Image via Healthydefinition.com
- Glasses Repair Kit
If you wear corrective lenses, bring a repair kit with you in case they get damaged. Your vision could be the difference between life and death.
- A Laser Pointer
This can be a way to communicate from a distance. If you get separated you’re your group, simply shine the laser toward the sky to create a visible beam, depending on the strength of your laser (helpful hint: get a green one if you can afford it).
- Clotrimazole Foot Cream
A serious foot rash can keep you off your feet if you aren’t prepared. Quality foot cream will take care of this problem and get you back on the trail.
- Digital Copies
Keep your important reference information and documents on a thumb drive to carry with you in case the physical copies get ruined.

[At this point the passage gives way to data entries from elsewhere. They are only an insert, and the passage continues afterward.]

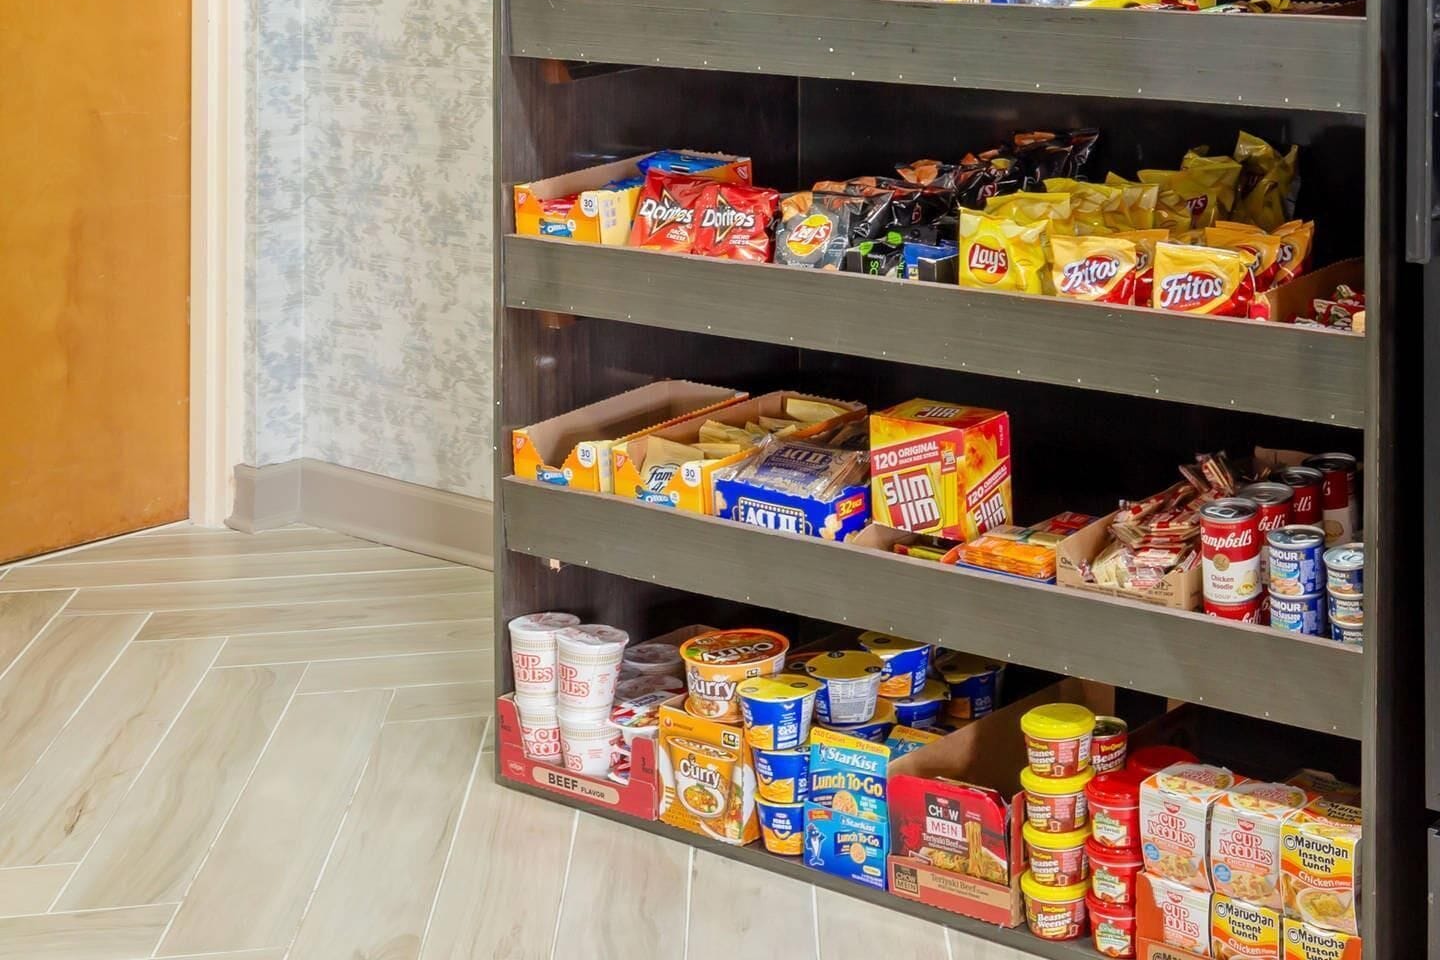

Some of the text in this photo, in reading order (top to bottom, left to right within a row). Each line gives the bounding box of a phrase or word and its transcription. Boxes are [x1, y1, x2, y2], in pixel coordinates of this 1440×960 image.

[639, 197, 695, 224] Doritos
[701, 206, 755, 228] Doritos
[970, 244, 1008, 276] Lay's
[1061, 255, 1120, 292] Fritos
[1160, 272, 1224, 308] Fritos
[580, 448, 591, 458] 30
[873, 441, 938, 470] 120 ORIGINAL
[685, 468, 696, 479] 30
[967, 486, 984, 507] 120
[838, 500, 854, 516] 32
[746, 503, 798, 534] ACT II
[1210, 573, 1235, 583] Chicken
[1211, 582, 1234, 590] Noodle
[515, 666, 553, 683] DLES
[687, 670, 737, 701] Curry
[534, 726, 560, 742] CU
[826, 747, 878, 772] StarKist
[680, 758, 721, 789] Curry
[548, 772, 605, 799] BEEF FLAVOR
[812, 772, 883, 796] Lunch To-Go
[845, 818, 876, 832] StarKist
[931, 821, 958, 837] MEIN
[1158, 813, 1186, 830] CUP
[837, 832, 858, 843] Lunch
[922, 833, 946, 846] Teriyaki
[946, 838, 959, 848] Beef
[1147, 820, 1196, 849] NOODLES
[1232, 830, 1262, 848] CUP
[1220, 839, 1273, 865] NOODLES
[1294, 835, 1348, 859] Maruchan
[1298, 849, 1335, 867] Instant
[1302, 859, 1332, 874] Lunch
[896, 872, 917, 883] CHOW
[897, 880, 917, 891] MEIN
[931, 873, 976, 891] Teriyaki Beef
[1298, 870, 1334, 888] Chicken
[1163, 901, 1190, 920] CUP
[1225, 902, 1274, 928] Maruchan
[1228, 917, 1262, 935] Instant
[1231, 927, 1258, 941] Lunch
[1228, 938, 1261, 954] Chicken
[1297, 928, 1345, 949] Marucha
[1301, 941, 1339, 958] Instant
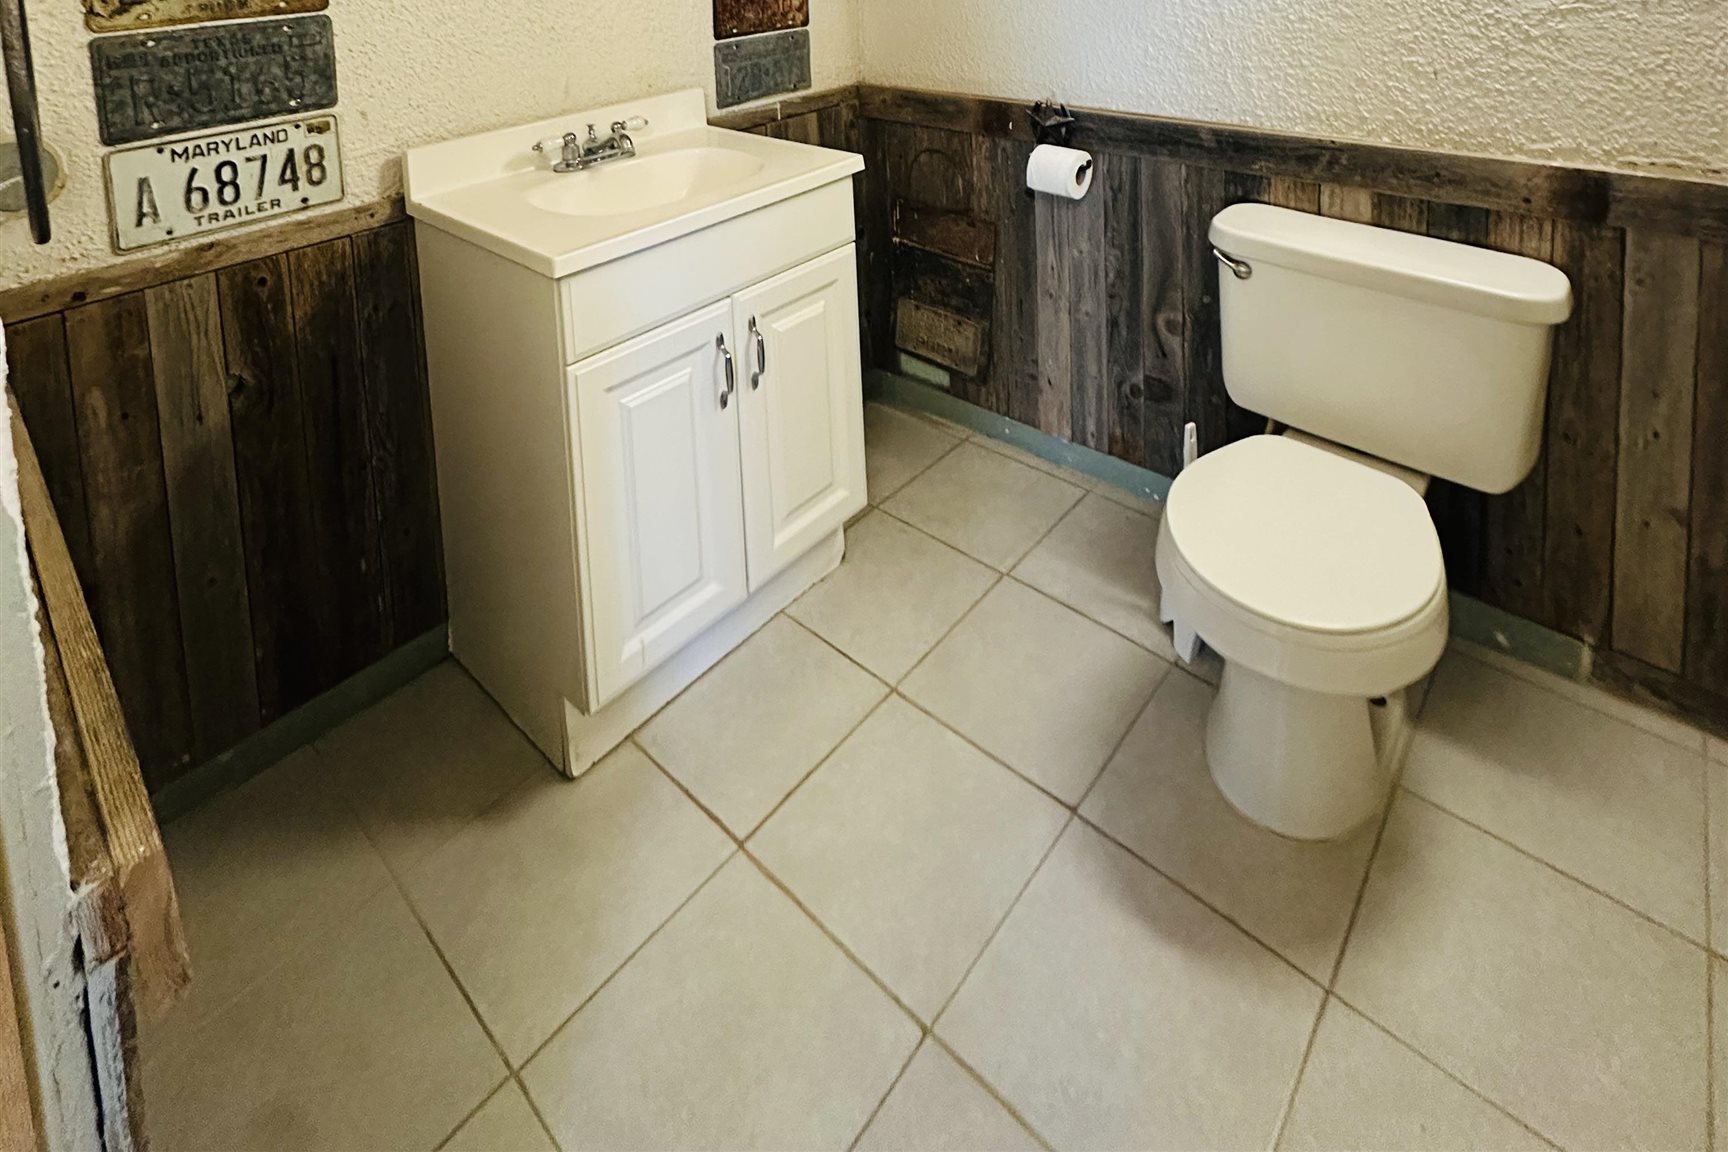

- Waterproof Cover for your Backpack
In case you aren’t traveling with a waterproof backpack, get a cover to keep your clothes and toilet paper from getting soaked.
- Best Bug Out Bag List Item- Bobby Pins
Add these to your bug out bag checklist. Useful for picking small locks, these could help you get out of handcuffs if, God forbid, you found yourself in this situation while bugging out.
- Cleaning Kit for Weapons
Does this sound like a luxury item you don’t need? Think again. Your gun’s barrel can get copper build-up inside that can slow down your bullets. Shooting a rifle when it’s dirty can mean that it’s far less accurate. Keep your weapons in top shape with a cleaning kit and prevent this.
Whether you’re getting ready for a serious disaster or just planning a camping trip, a bug out bag packed with the right items can save your life. Again, make sure you give this a lot of thought before deciding what to pack in your own bag. If you’re traveling with a group, you can split essential items to be shared throughout several bags to lessen weight. Every individual’s bug out bag will be different, but this covers everything you could choose from while in such a situation.